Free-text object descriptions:

-*-*-

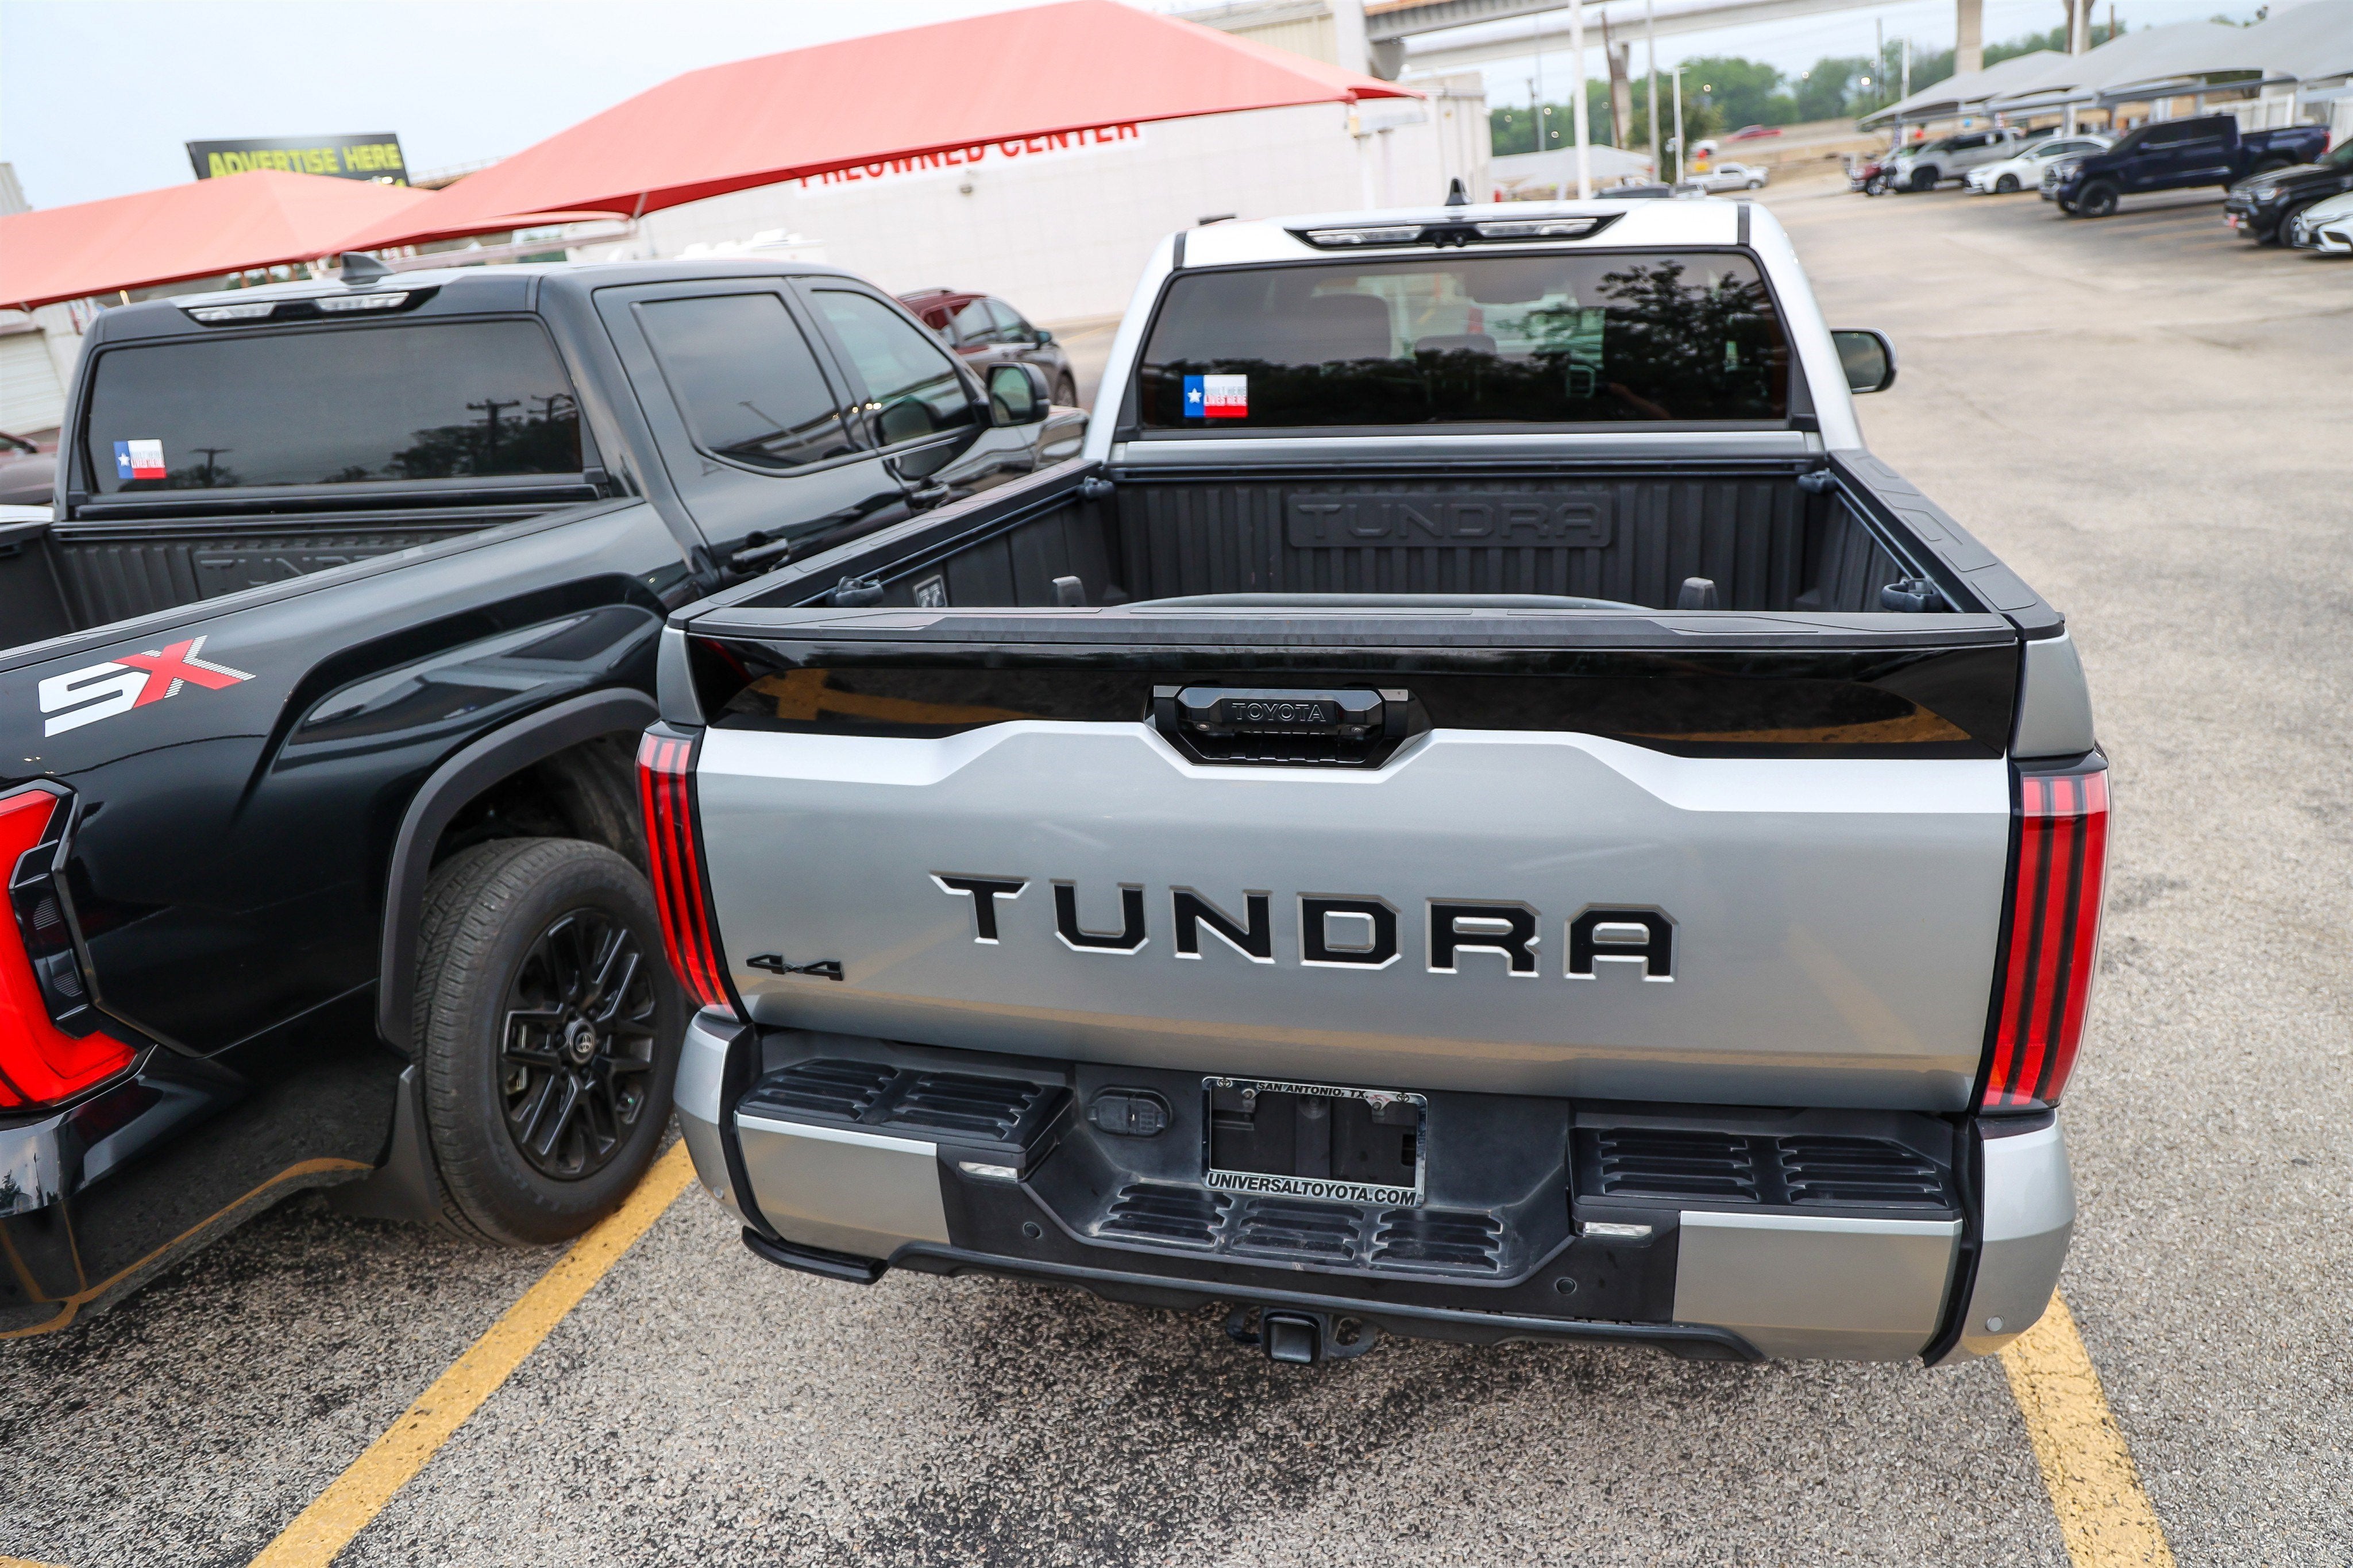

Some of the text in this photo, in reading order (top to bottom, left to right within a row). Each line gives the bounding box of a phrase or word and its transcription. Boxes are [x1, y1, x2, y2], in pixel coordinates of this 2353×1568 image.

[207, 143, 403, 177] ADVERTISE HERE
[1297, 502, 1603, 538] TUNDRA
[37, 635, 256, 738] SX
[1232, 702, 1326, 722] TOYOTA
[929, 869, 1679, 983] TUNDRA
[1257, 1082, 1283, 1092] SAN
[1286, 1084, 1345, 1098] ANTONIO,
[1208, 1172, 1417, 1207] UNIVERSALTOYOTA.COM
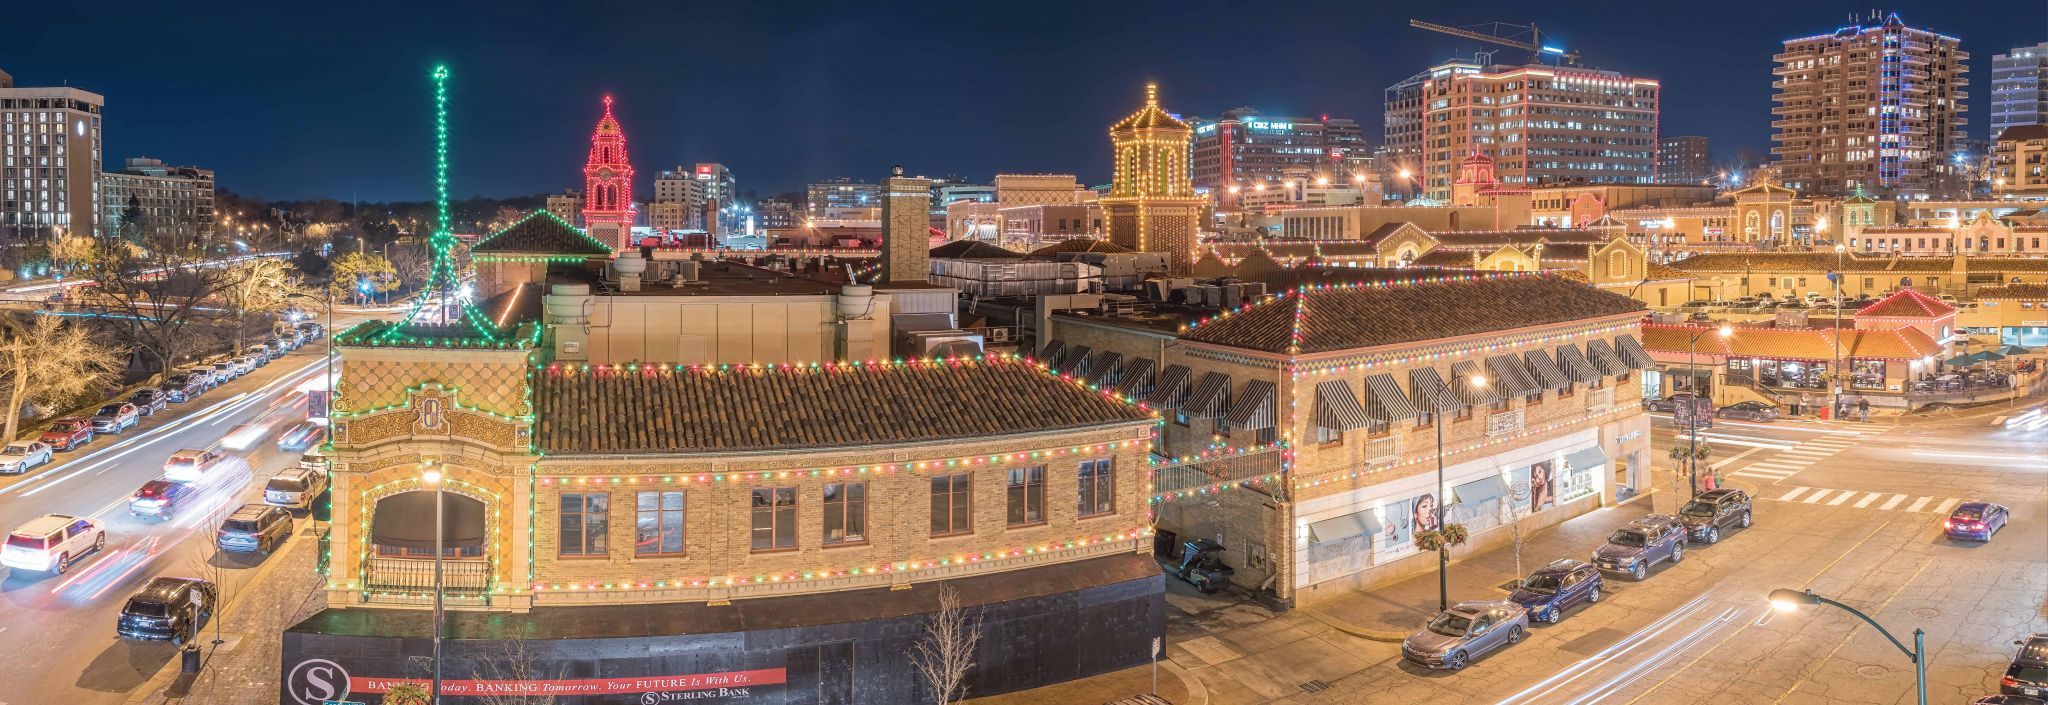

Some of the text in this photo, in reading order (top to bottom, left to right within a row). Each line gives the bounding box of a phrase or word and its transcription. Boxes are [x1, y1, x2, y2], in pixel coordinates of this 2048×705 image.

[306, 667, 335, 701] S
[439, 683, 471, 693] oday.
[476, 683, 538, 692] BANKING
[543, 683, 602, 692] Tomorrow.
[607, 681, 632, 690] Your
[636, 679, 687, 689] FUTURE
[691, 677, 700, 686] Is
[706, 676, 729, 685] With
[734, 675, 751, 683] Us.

-*-*-

Every line above is to be reproduced verbatim, and the pictures are to be omitted.

Some of the text in this photo, in reading order (top to bottom, left to right within a row). Each line gives the bounding box of a phrase or word and its transcription. Boxes are [x1, y1, x2, y2], in pixel coordinates of this 2353×1568 image.

[207, 143, 403, 177] ADVERTISE HERE
[1297, 502, 1603, 538] TUNDRA
[37, 635, 256, 738] SX
[1232, 702, 1326, 722] TOYOTA
[929, 869, 1679, 983] TUNDRA
[1257, 1082, 1283, 1092] SAN
[1286, 1084, 1345, 1098] ANTONIO,
[1208, 1172, 1417, 1207] UNIVERSALTOYOTA.COM

Some of the text in this photo, in reading order (top to bottom, left to right within a row). Each line gives the bounding box of a phrase or word and its transcription. Boxes are [x1, y1, x2, y2], in pixel coordinates of this 2048×705 image.

[306, 667, 335, 701] S
[439, 683, 471, 693] oday.
[476, 683, 538, 692] BANKING
[543, 683, 602, 692] Tomorrow.
[607, 681, 632, 690] Your
[636, 679, 687, 689] FUTURE
[691, 677, 700, 686] Is
[706, 676, 729, 685] With
[734, 675, 751, 683] Us.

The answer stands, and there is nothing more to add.